We weren’t there long enough but we needed to get back to the airport. On the way down, Marilyn wanted to buy some baby pyjamas. The price quoted was 860 RMB but the stall-holder offered a discount making it 680RMB. Oliver became involved and eventually knocked the price down to 200. Later on another stallholder tried to sell Marilyn a dressing gown for 800 RMB and chased her down the street reducing the price with every step. It got down to 60RMB before we shook her off.

There was a bit of time left so Oliver took us to a government-owned factory where they make cloisonné. French cloisonné is different but the Chinese have adopted the term. Talk about primitive – the factory was a series of filthy little rooms where each step of the process takes place. One man makes the base – vase, bowl, animal shape, etc, from copper pieces, cut on an ancient guillotine and soldered by hand. The next step is to glue on copper wire to outline the shape of the design. Then hand-paint the various colours, fire the piece and re-paint up to 8 times. The kiln was an OH&S officer’s nightmare and so was the room where a man ground off the excess copper using pieces of stone held in his bare hands.

The pieces were exquisite and quite pricey but, seeing how time-consuming the process was, I wondered whether many of the smaller and cheaper pieces came from a modern factory where they could be mass-produced. No matter, but I left the workshop wondering what it is about the Asian mentality which allows them to accept the most primitive and dangerous of working conditions and make no attempt to, at the very least, keep them clean.

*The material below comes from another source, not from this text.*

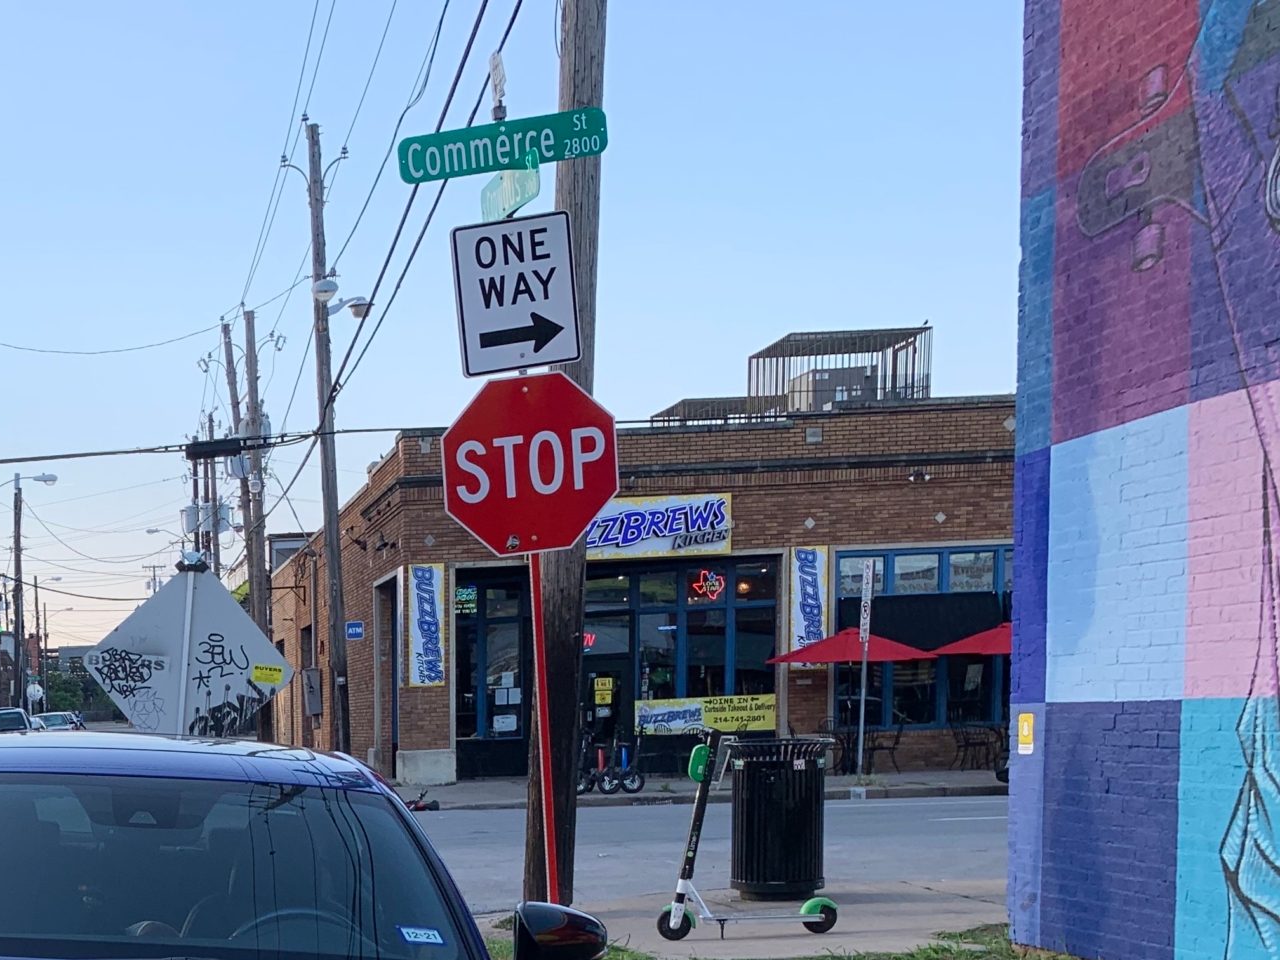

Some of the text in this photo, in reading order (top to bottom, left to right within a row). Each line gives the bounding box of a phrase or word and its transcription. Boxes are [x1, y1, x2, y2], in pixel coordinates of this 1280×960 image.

As Marilyn has said, it would have been a shame to come this far and not see just a little of the history and culture of this extraordinary civilization. We were absolutely exhausted getting on the plane and, when we had to sit waiting for two and a half hours for a break in the weather, we knew it was going to be a tough flight. Thankfully, we had allowed for an overnight stopover in Singapore so we know there is a bed waiting for us.